How the Pandemic Killed the Uninfected

COVID-19’s toll on black patients extends to those who never got the virus.

Illustration showing different quality masks with different levels of exposure to pathogens indicated by red dots on the masks

Illustration by Giovanni Da Rae

When the COVID-19 pandemic laid bare health disparities among racial and ethnic groups in the United States, it appeared that a persistent public-health problem would finally get the increased attention it deserves. Population data from early in the pandemic revealed that black and Latino patients were more likely than whites to get infected and die from COVID. Such findings “were essential for setting the policy agenda and bringing health equity to the forefront,” explains Zirui Song, associate professor of health care policy at Harvard Medical School and a primary-care physician at Massachusetts General Hospital (MGH). “This raised awareness among clinicians, hospitals, and the public, which motivated efforts to address racial and ethnic disparities.”

For hospitalized non-COVID patients, “health disparities…worsened during the pandemic….” 

Yet a recent study coauthored by Song offers a more detailed picture of how COVID has affected racial and ethnic minority patients, revealing that health disparities have worsened during the pandemic for such patients receiving hospital treatment for any condition.

A health economist with expertise in insurance and provider payment, Song and colleagues analyzed claims data from traditional Medicare patients admitted to a hospital between January 2019 and February 2021: more than 14 million hospitalizations. (Medicare Advantage patients, whose health care is provided by private companies, were not included.) This offered the researchers an especially large sample of people, most of whom were 65 or older, a population more at risk for the negative effects of COVID, including death. The team found that in the first year of the pandemic, Hispanic patients averaged a 22 percent chance of dying when admitted to the hospital for COVID, compared with an average 17 percent mortality rate for hospitalized black and white COVID patients.

The researchers also examined how patients fared if they were hospitalized for non-COVID reasons during that time, comparing their mortality rates with those of patients who had pre-pandemic hospital stays. There was already a race and ethnicity gap in hospital mortality before the pandemic, Song says, but once COVID took hold, “We found that the gap actually widened,” driven by the differences in health outcomes between black and white patients.

In their analysis, he and his colleagues adjusted for factors such as age, sex, and disability, but chose a different tack with social factors such as household income and education. Such characteristics often are viewed by researchers as “confounding factors” that could cloud the results. Yet research also shows that household income and education can be affected by race and ethnicity, which in turn shape health outcomes. So the team left those “mediating” factors unadjusted with the hope that they could capture more accurately how race and ethnicity might contribute to hospital mortality.
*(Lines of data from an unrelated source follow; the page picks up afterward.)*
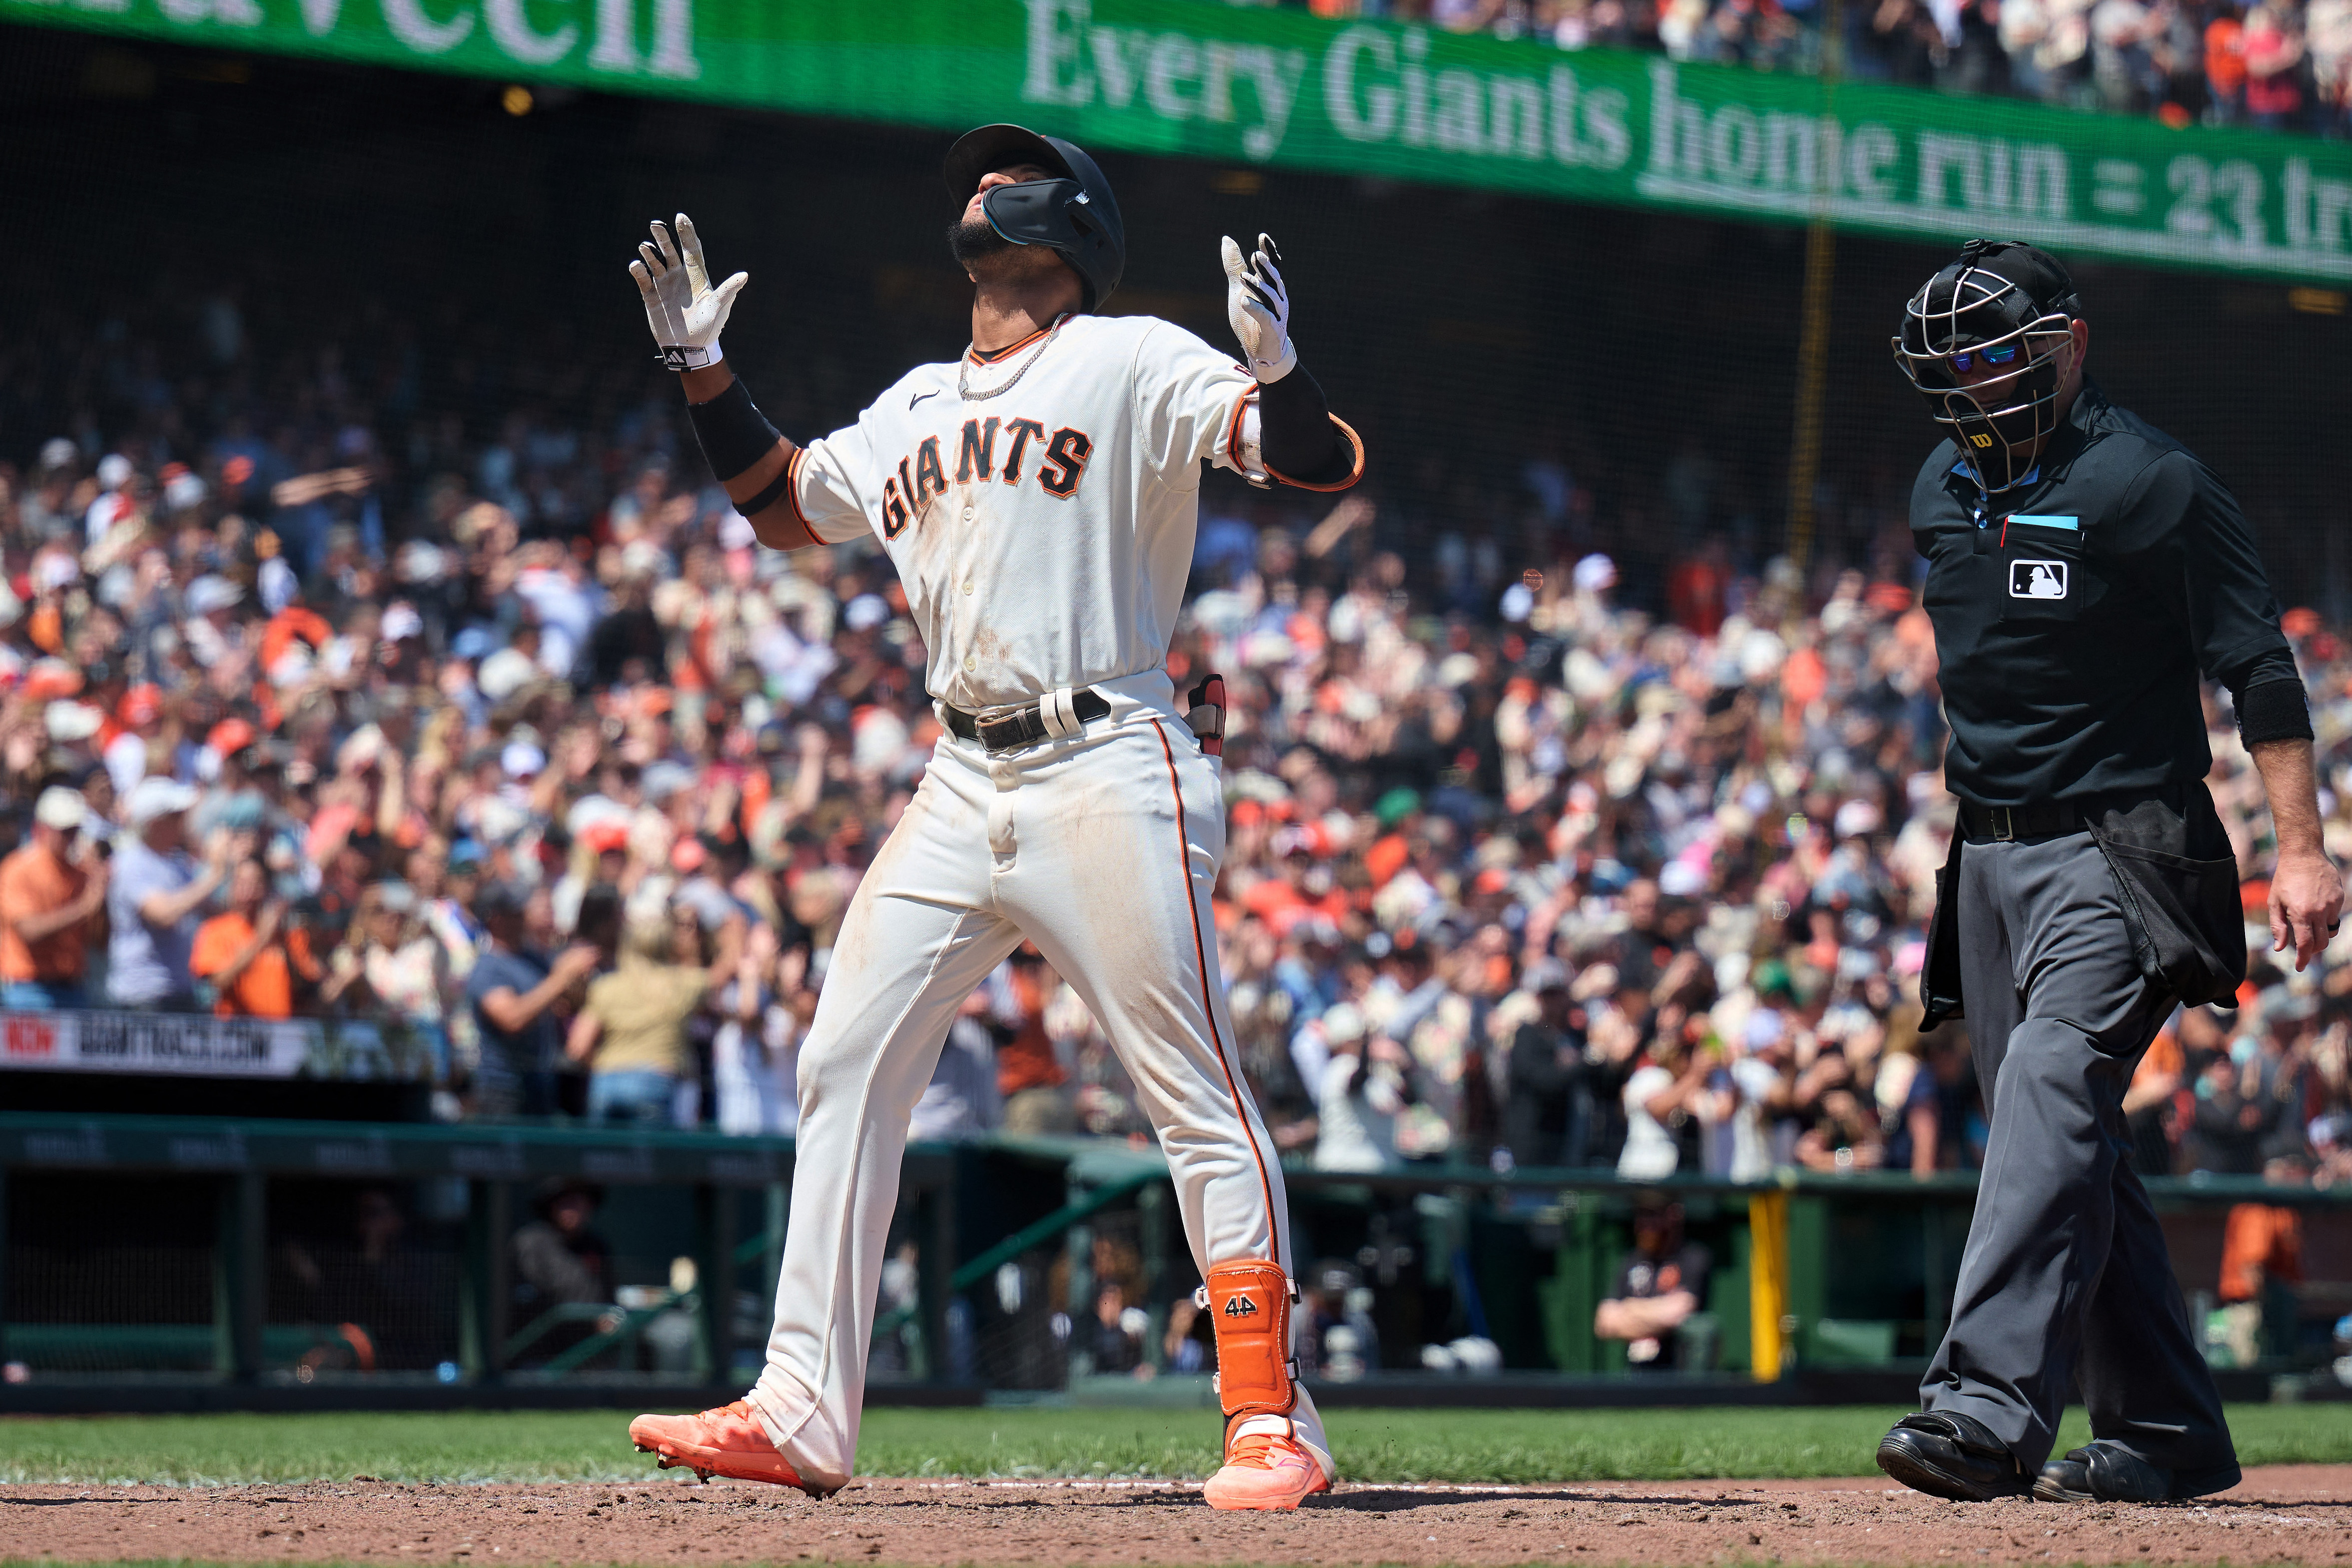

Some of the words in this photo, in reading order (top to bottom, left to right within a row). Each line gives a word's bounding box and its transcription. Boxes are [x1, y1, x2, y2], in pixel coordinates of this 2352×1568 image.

[1019, 0, 1304, 161] Every
[1323, 25, 1631, 172] Giants
[1648, 56, 1900, 200] home
[1917, 129, 2071, 223] run
[882, 416, 1093, 541] GIANTS
Song had a particular interest in the health outcomes of non-COVID patients. He had seen MGH and other hospitals race to reallocate staff, supplies, and beds to care for the surge of COVID patients, affecting resources for other types of care. “While COVID rightfully grabbed many people’s attention and was at the top of the priority list in terms of hospital response across the country,” he explains, about 90 percent of U.S. hospitalizations were still for non-COVID illnesses. Accordingly, he wondered about “spillover effects”: the unintended consequences for non-COVID patients during this chaotic surge in COVID cases.

Patients who did not have COVID were less likely to be admitted to hospitals during this period of strained medical resources, and white patients were less likely to be hospitalized than minority patients relative to the pre-pandemic period. Notably, black patients admitted for non-COVID reasons were more likely than white patients to die in the hospital or shortly after they were discharged, relative to the pre-pandemic period. During the pandemic, this relative increase in the rate of death among black patients was almost 18 percent higher than their pre-pandemic mortality rate.

Song stresses that the study was not designed to isolate the mechanisms behind this increased mortality gap between white and minority patients, but he has multiple theories, including changes in the mix of patients and the quality of care. Perhaps the attention on COVID patients left “less resources and bandwidth for non-COVID patients,” he says. In that environment, “It’s not hard to imagine that clinical decisions may be based more on heuristics or that it might be more challenging to check our biases,” he adds, potentially widening racial and ethnic disparities. Song adds that future studies might consider the well-documented mental-health declines during the pandemic, which might have played a role in increasing mortality among minority patients. In time, researchers will accrue more data about the pandemic, including details of the more recent Delta and Omicron waves. Song expects future analyses to yield new information about the mechanisms that drive health disparities. Although he conducts mostly quantitative research, Song believes that qualitative work including efforts to interview groups of doctors and patients about their experiences in hospitals during the pandemic “might actually reveal more of the underlying story that a quantitative study can’t.”

In the meantime, “The awareness of racial and ethnic health disparities has undoubtedly been elevated by the pandemic,” Song says. He hopes this study will expand the way clinicians and policymakers think about the pandemic’s impact. “It’s a reminder,” he says, “that COVID can affect the care and the outcomes of patients who don’t have COVID.”